7. Intellectual Property

  • All pre-existing intellectual property (e.g., logos, brand guidelines) provided by the Client remains the property of the Client.
  • The Service Provider retains ownership of all original files, including raw footage, photography, and design files unless otherwise agreed in writing.
  • Upon full payment, the Client will receive a license to use the final deliverables for the agreed purposes.

8. Confidentiality

  • Both parties agree to keep confidential any sensitive information obtained during the course of the agreement and not disclose it to any third party without prior consent.

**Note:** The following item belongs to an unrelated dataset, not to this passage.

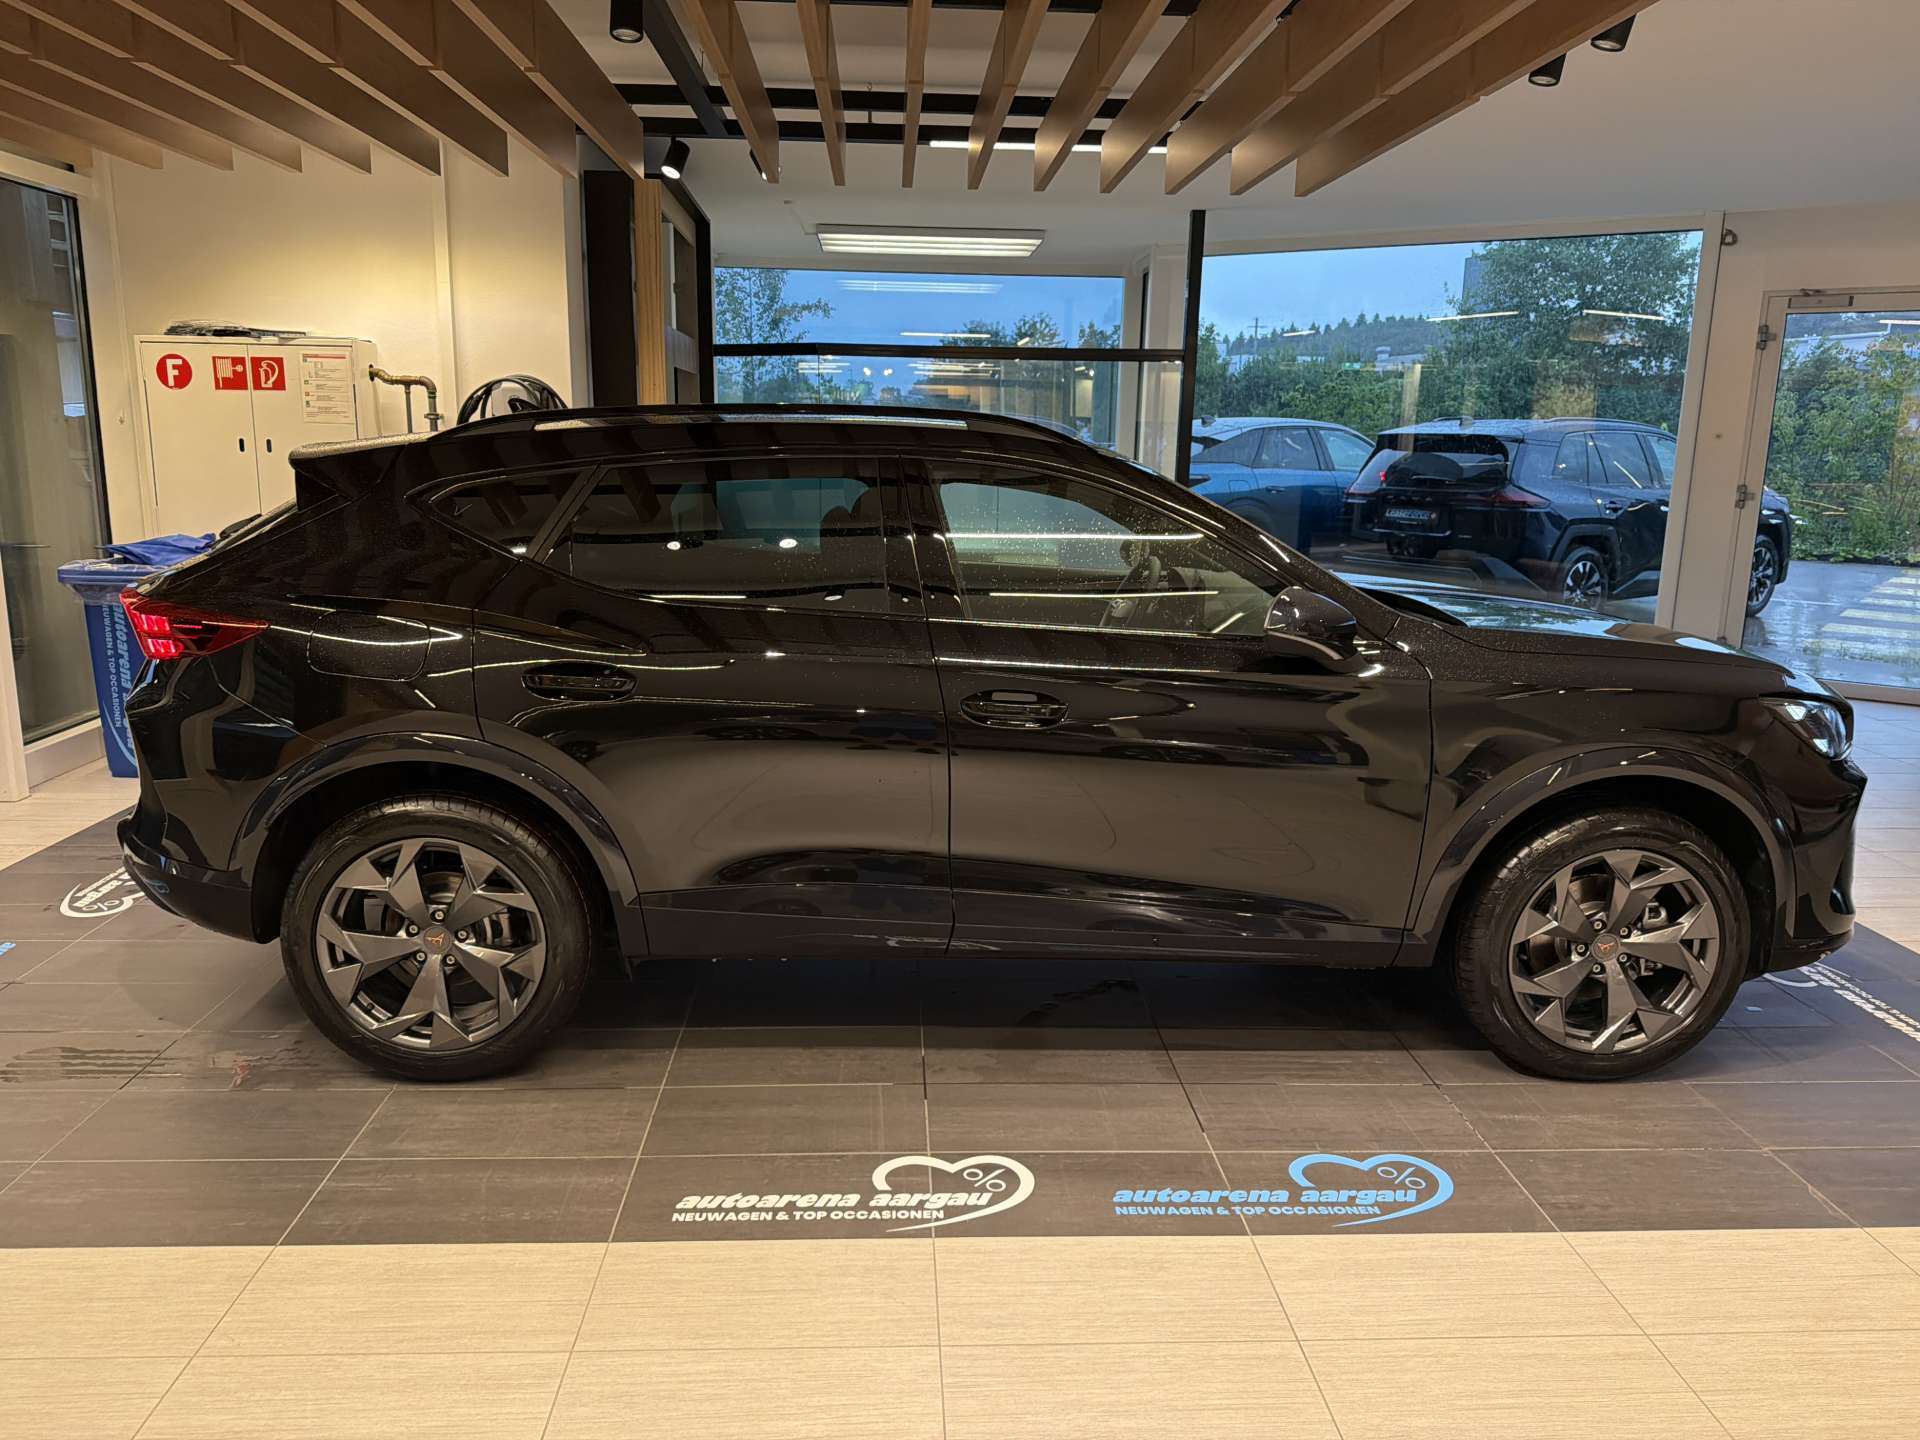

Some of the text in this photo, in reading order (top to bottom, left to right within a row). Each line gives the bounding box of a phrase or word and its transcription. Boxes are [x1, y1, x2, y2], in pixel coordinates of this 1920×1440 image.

9. Non-disclosure and Non-compete

  • The Service Provider agrees not to disclose the Client’s proprietary information or work with direct competitors for a period of [2] years post-project completion unless expressly permitted by the Client.

10. Termination

  • Either party may terminate this agreement with [60 days / 8 weeks] written notice.
  • In the event of termination, the Client will be responsible for paying for all work completed up to the date of termination.
  • The Service Provider reserves the right to terminate this agreement in cases of late payments, failure to provide required materials, or breach of agreement by the Client.

11. Cancellation Policy

  • Should the Client wish to cancel any scheduled services, [40%] of the total project cost will be retained as a cancellation fee.
  • Cancellations made within [30 days / 4 weeks] of the scheduled service date will require full payment of the project fee.

12. Liability

  • The Service Provider is not liable for any damages, losses, or legal issues arising from the Client’s use of the final deliverables, including copyright violations for third-party materials provided by the Client.
  • The total liability of the Service Provider under this agreement shall not exceed the total fee paid by the Client for the services.

13. Force Majeure

  • Neither party shall be held liable for delays or failure to perform its obligations under this agreement due to circumstances beyond its reasonable control (e.g., natural disasters, strikes, government actions).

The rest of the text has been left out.